A Comparison

Sullivan makes an absolutely brilliant point about the VT killings:

Imagine that this kind of massacre happened every day. Imagine a police force that was far too small to even respond to most of them. Imagine this occurring repeatedly for years until the perpetrators and their accomplices became the de facto power-brokers throughout the land. Imagine the shootings also being accompanied by the brutal torture of victims. Imagine families never having finality on whether their own siblings or parents or children have been murdered or not.

This is Iraq today. Now think of the justified rage many feel at the VT campus police chief and university president for misjudgments. Now imagine them presiding over several more massacres in the same place. Ask yourself: why do we not feel as enraged by those responsible for security in Iraq? Are those victims not human beings too? Are they not children and mothers and fathers and sons? Are we not ultimately responsible for them, having destroyed the institutions of order in their country? Now go watch John Bolton tell the victims to go help themselves.

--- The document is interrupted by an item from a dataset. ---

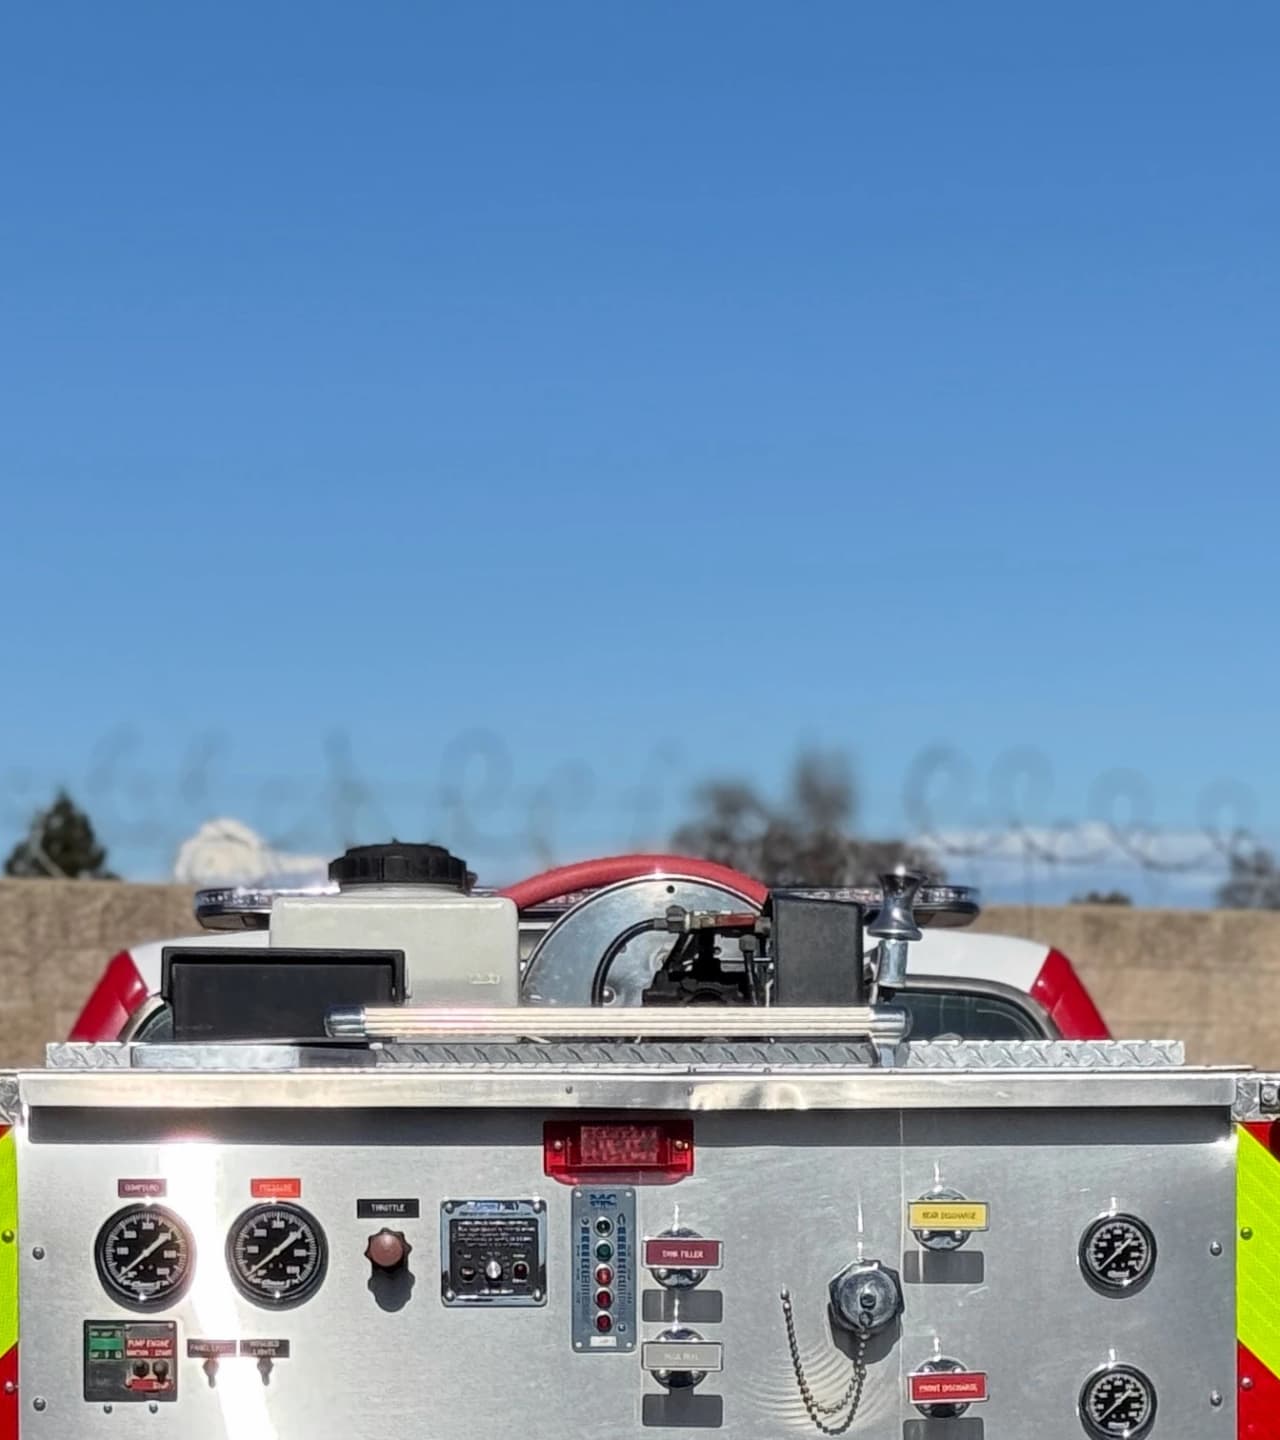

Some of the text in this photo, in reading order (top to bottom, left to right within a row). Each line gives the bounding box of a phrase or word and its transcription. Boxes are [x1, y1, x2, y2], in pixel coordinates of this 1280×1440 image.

[371, 1203, 406, 1213] THROTTLE
[680, 1250, 704, 1259] FILLER
[127, 1339, 170, 1348] PUMP ENGINE

Our society has a very strong commitment to law and order — perhaps a bit too strong, given the explosion of violent raids in the last decade. We weep for events like VT because they are so rare. But we are now seeing in Iraq that such violence is the natural state of man in the absence of law and order.

I’m a libertarian. One the common slurs hurled against libertarians is that we are anarchists. But we aren’t. Every real libertarian knows that the most important aspect of government is that it establish law and order. Because without law and order, all the rest — freedom, property rights, wealth — mean nothing. Even a broken and bent law and order is better than chaos. Which would you rather have — the horrid dictatorship of Venezuela or Iran or pre-war Iraq? Or the awful chaos of Haiti? That’s why libertarians support things like martial law in emergency situations. Because law and order is the first and primary duty of government.

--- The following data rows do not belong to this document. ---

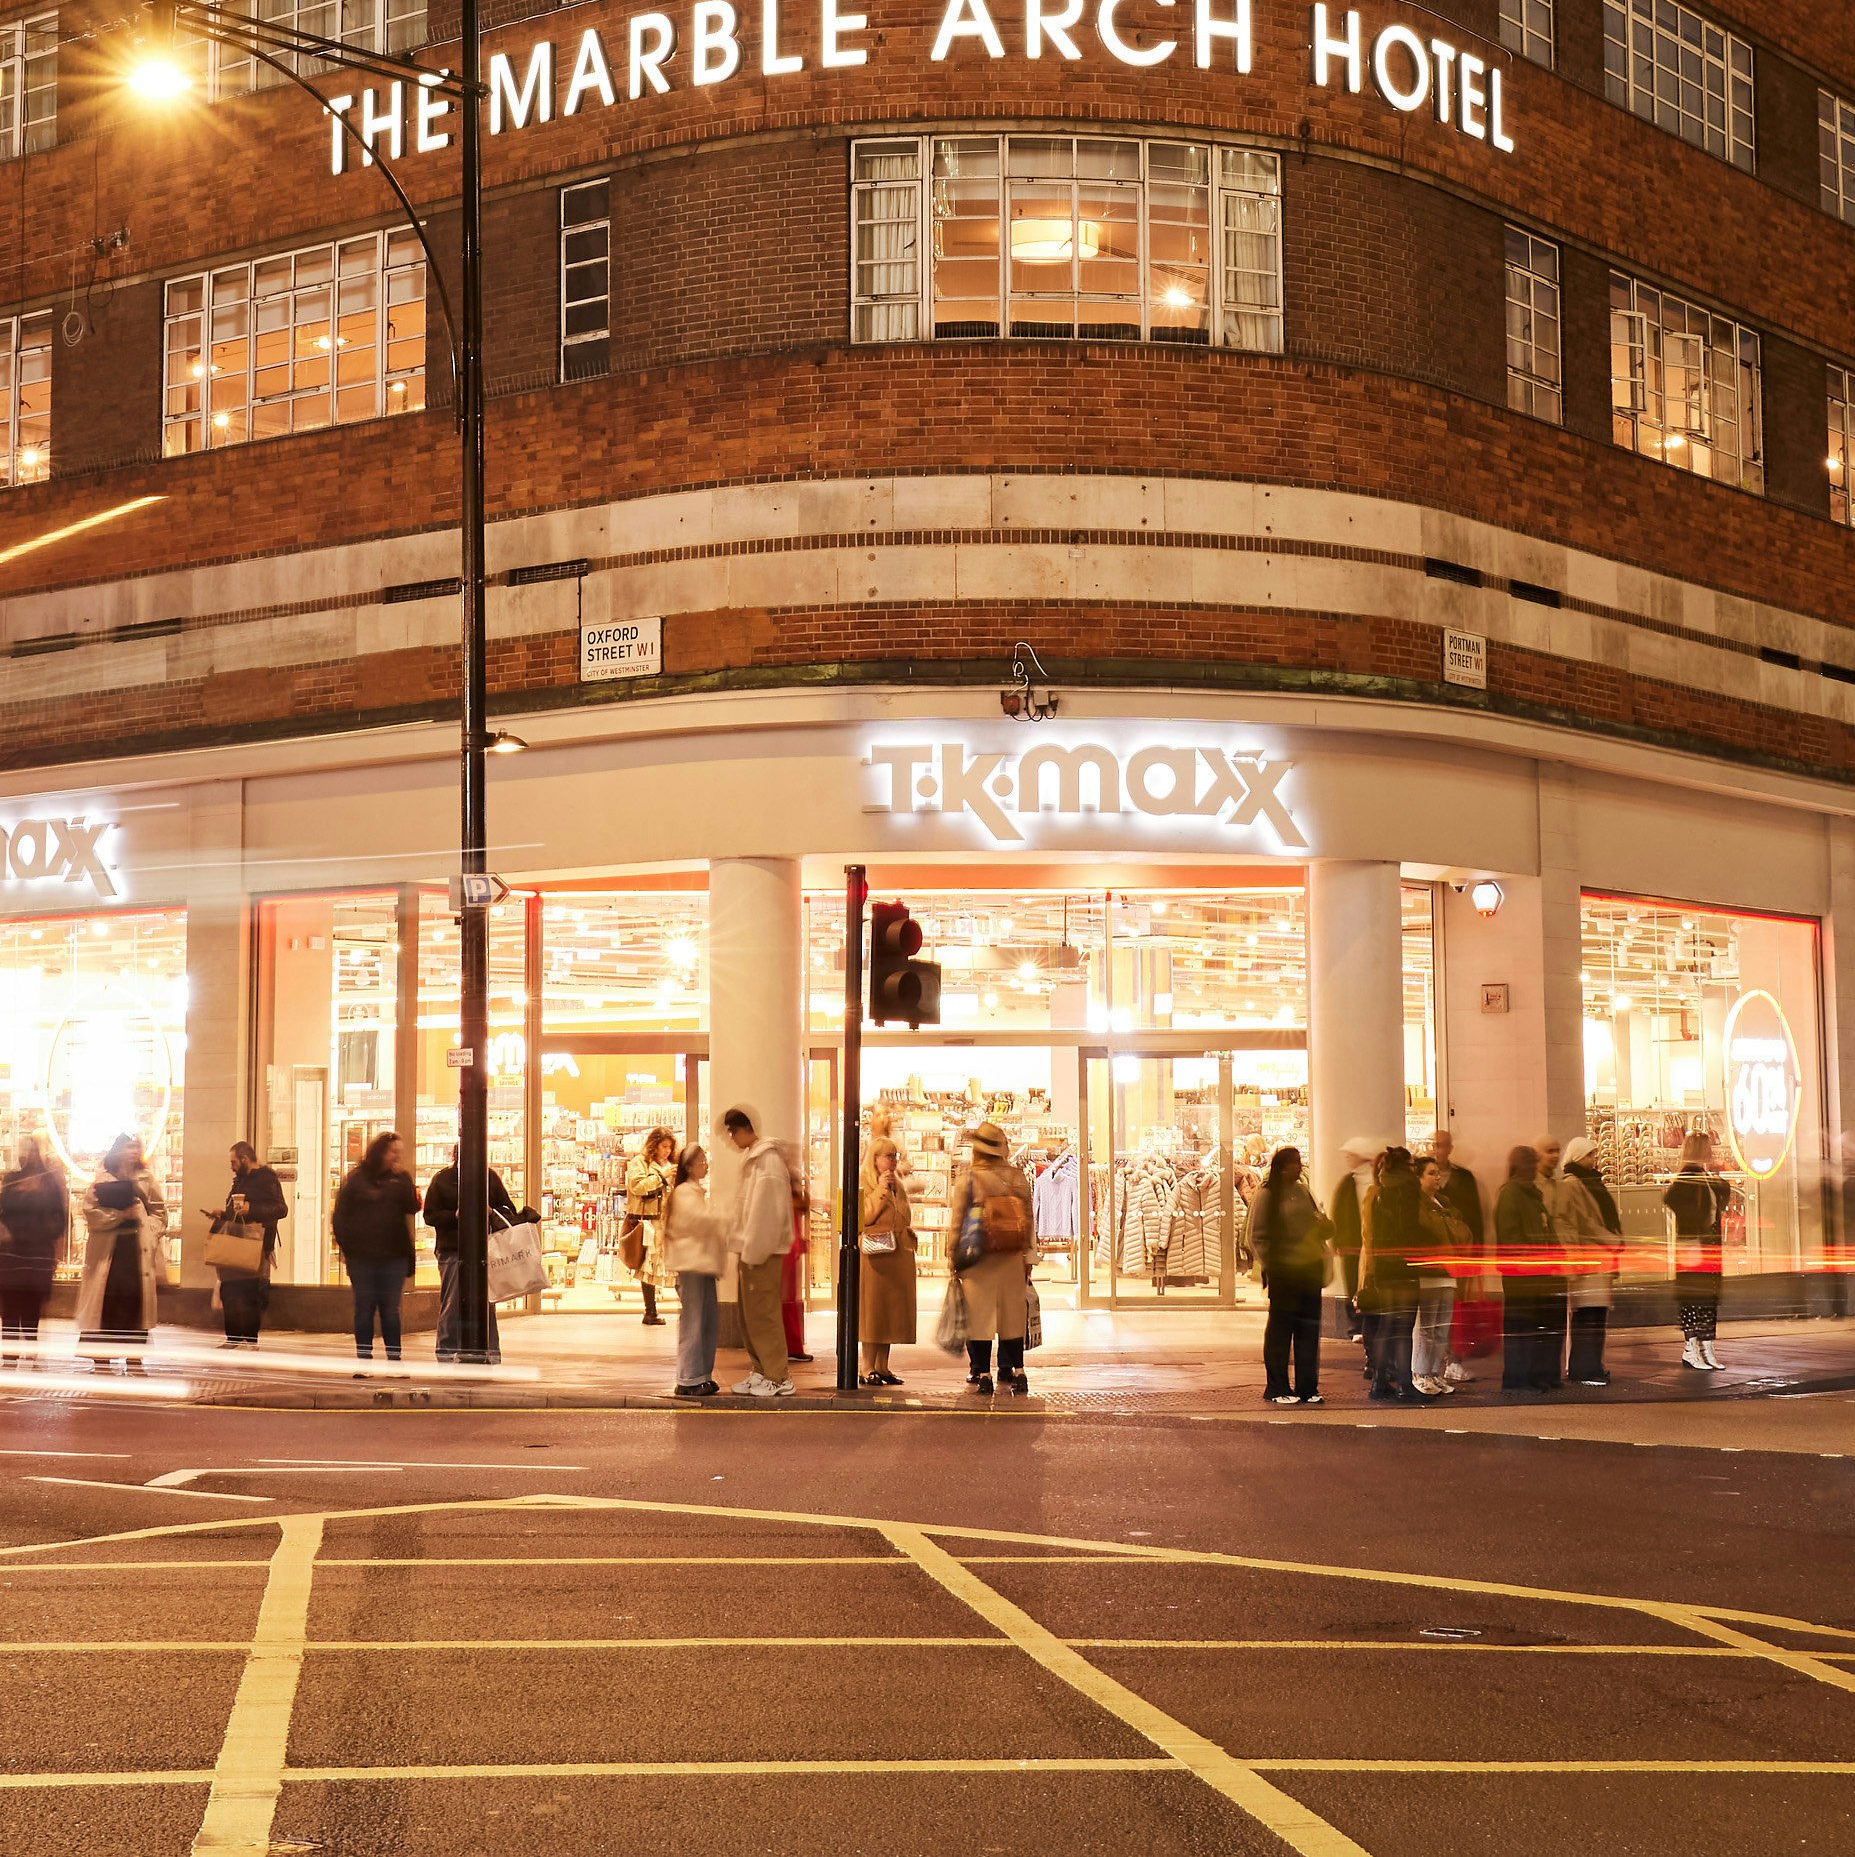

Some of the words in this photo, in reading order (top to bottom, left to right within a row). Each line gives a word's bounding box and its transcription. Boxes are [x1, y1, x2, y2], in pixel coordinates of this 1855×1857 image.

[323, 67, 455, 176] THE
[1309, 0, 1516, 154] HOTEL
[587, 626, 639, 645] OXFORD
[1449, 635, 1481, 655] PORTMAN
[587, 644, 633, 662] STREET
[637, 641, 654, 656] W1
[1449, 651, 1473, 670] STREET
[586, 670, 600, 678] CITY
[600, 668, 608, 676] OF
[609, 664, 650, 675] WESTMINSTER
[469, 879, 487, 902] P
[490, 1249, 533, 1268] RIMARK

A couple of weeks ago, Sullivan posted an article that disputed the leftist assertion that natural man is not violent, but peaceful. I would say that Iraq has illuminated a similar delusion on the theocon right. All they had to do was create democracy and peaceful westernized society would flow from it. But democracy is not a source of law and order — it’s a check on it. It’s not a way of running government, it’s a way of holding government accountable for its actions. You have to build a lawful society first. Then you put in the mechanisms to keep it under control.

Our foreign policy — hell, our entire nation — is being run by dorm room bullshit session. It’s being run by a bunch of guys sitting around talking up great ideas of how society could be run (abstinence only education, democratization of the Middle East, ramped up drug war, massive spending) rather than the complex reality of how society is — the complexity that tells libertarians and federalist to screw big ideas and just establish law, order and freedom. And the tragedy is that they have tried these big idea on a multi-ethnic nation with devastating results.

It could be worse. The last people with grand ideas for running society were the Maoists. But there was a better way. And hopefully in January 2009, we’ll start looking for it.

As we recover from the most deadly shooting in American history, let’s be grateful these things are so rare, that we live in a society that is relatively peaceful and lawful. And let’s make sure we keep it that way.